Lost in Translation
by Rosel George Brown
  

Review by
Robert Wilfred Franson
Fantasy & Science Fiction, May 1959
  

collected in —
A Handful of Time (1963)

October 2006

  
Mercedes had particularly preserved her chastity, as her adenoids, out of intellectual conviction. The difference was that she had had an opportunity to be rid of her adenoids. ...

When other girls were out experimenting with hasheesh, and swimming naked in mixed groups, Mercedes reclined neurasthenically on her violet plush sofa, reading the Bifurcate Review. In her adenoidal way, she was a Humanist, a Classicist, and a Graecophile (in translation, of course). As a further refinement, she read only Victorian translations from the Greek, a matter of keeping in step with the avant-garde neo-Victorian revival.
  

"Lost in Translation" is a cute and funny short story by Rosel George Brown, an arch-humored Classicist herself. Her heroine, Mercedes, is inveigled into a brief time-machine trip back to the Greece of Aristophanes' plays and the courtesan Aspasia.
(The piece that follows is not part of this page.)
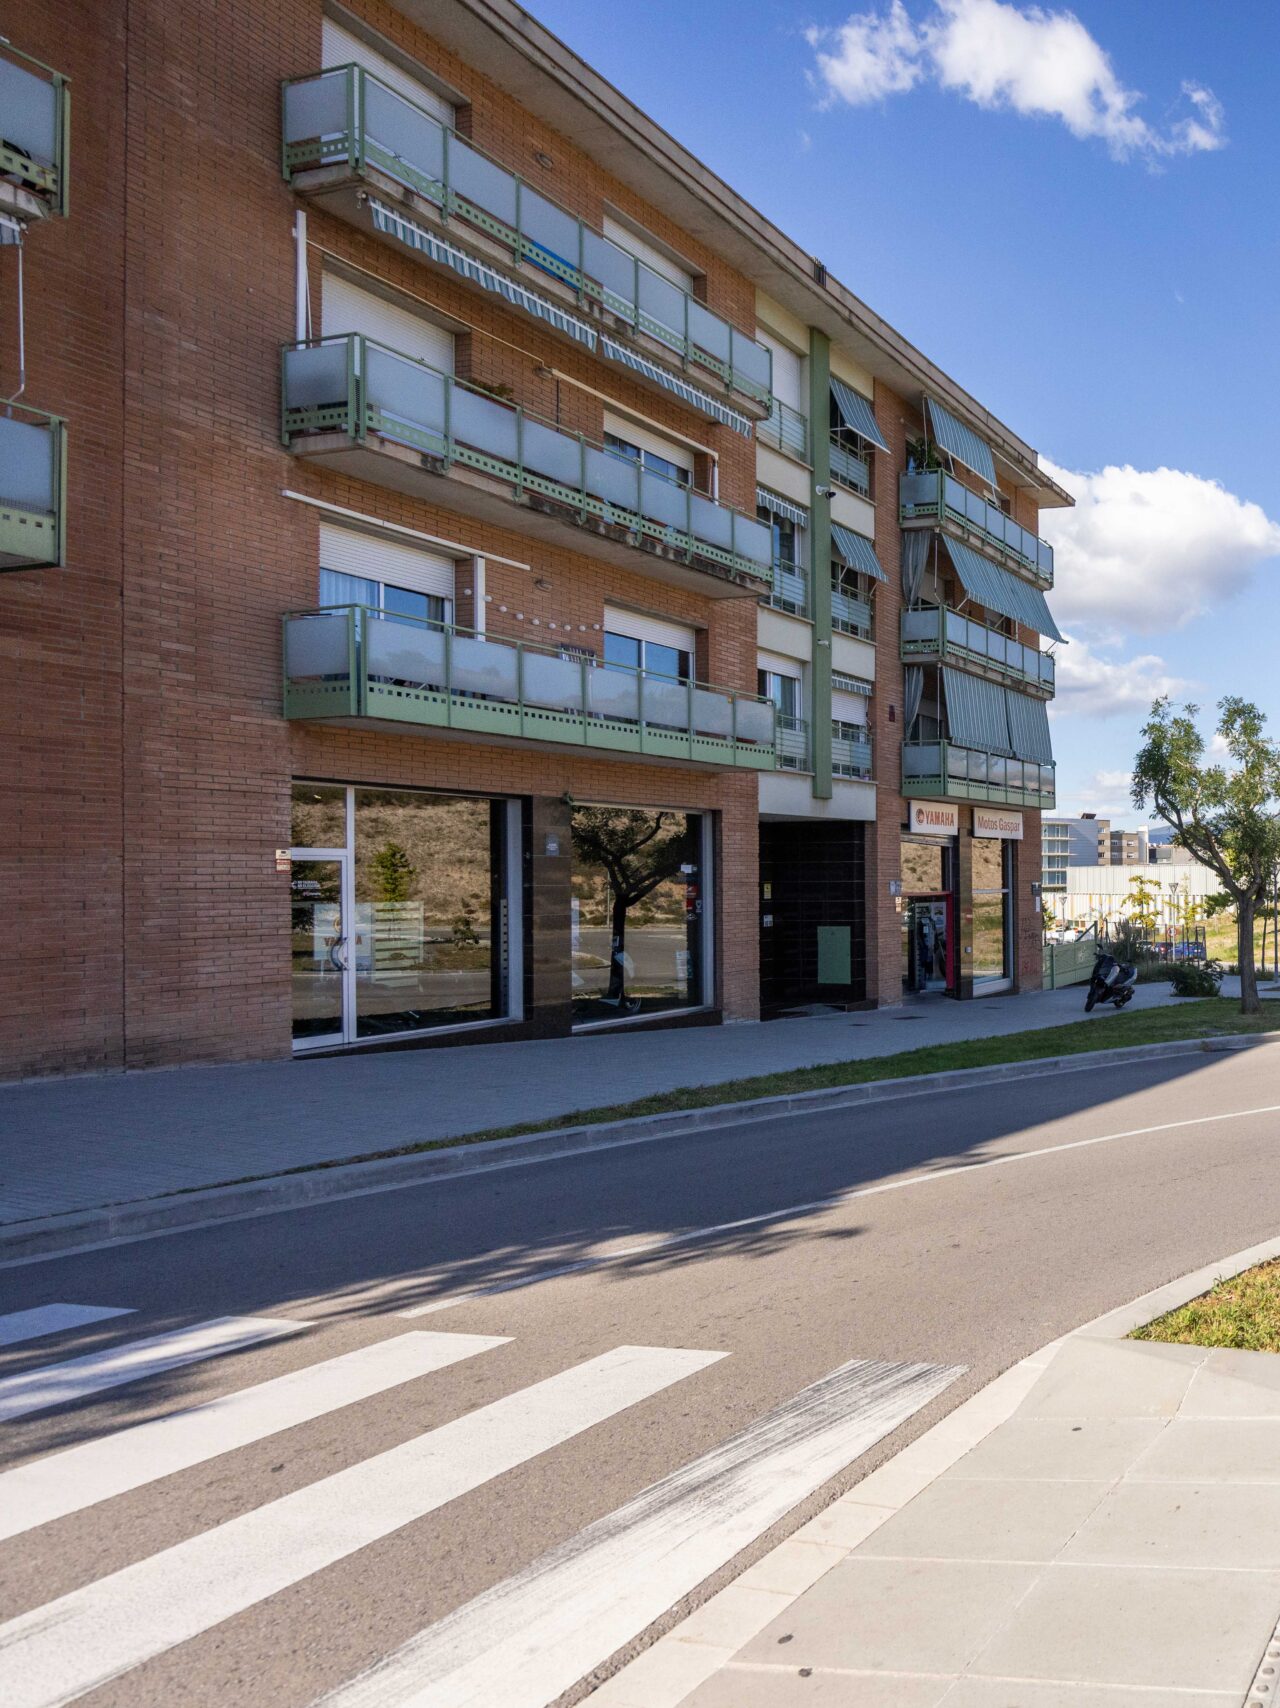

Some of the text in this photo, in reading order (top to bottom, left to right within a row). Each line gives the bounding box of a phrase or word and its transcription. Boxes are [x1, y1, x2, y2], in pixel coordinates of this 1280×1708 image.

[925, 810, 955, 826] YAMAHA
[977, 815, 1021, 834] Motos Gaspar
Brown weaves her own learning deftly into her plot. If you enjoy thinking about the influence of the earthy as well as intellectual Greek legacy in Victorian times — or upon neo-Victorian sensibilities — the small but delightful "Lost in Translation" is well worth seeking out.

The proposal by the time machine's co-inventor is not at first well-received by Mercedes:

"You like Greeks?" he asked innocently.

"Ancient Greeks, you ninny," she shouted and, like someone (probably Prometheus) suddenly released, she threw the paperweight. It missed him and demolished an innocent shepherdess.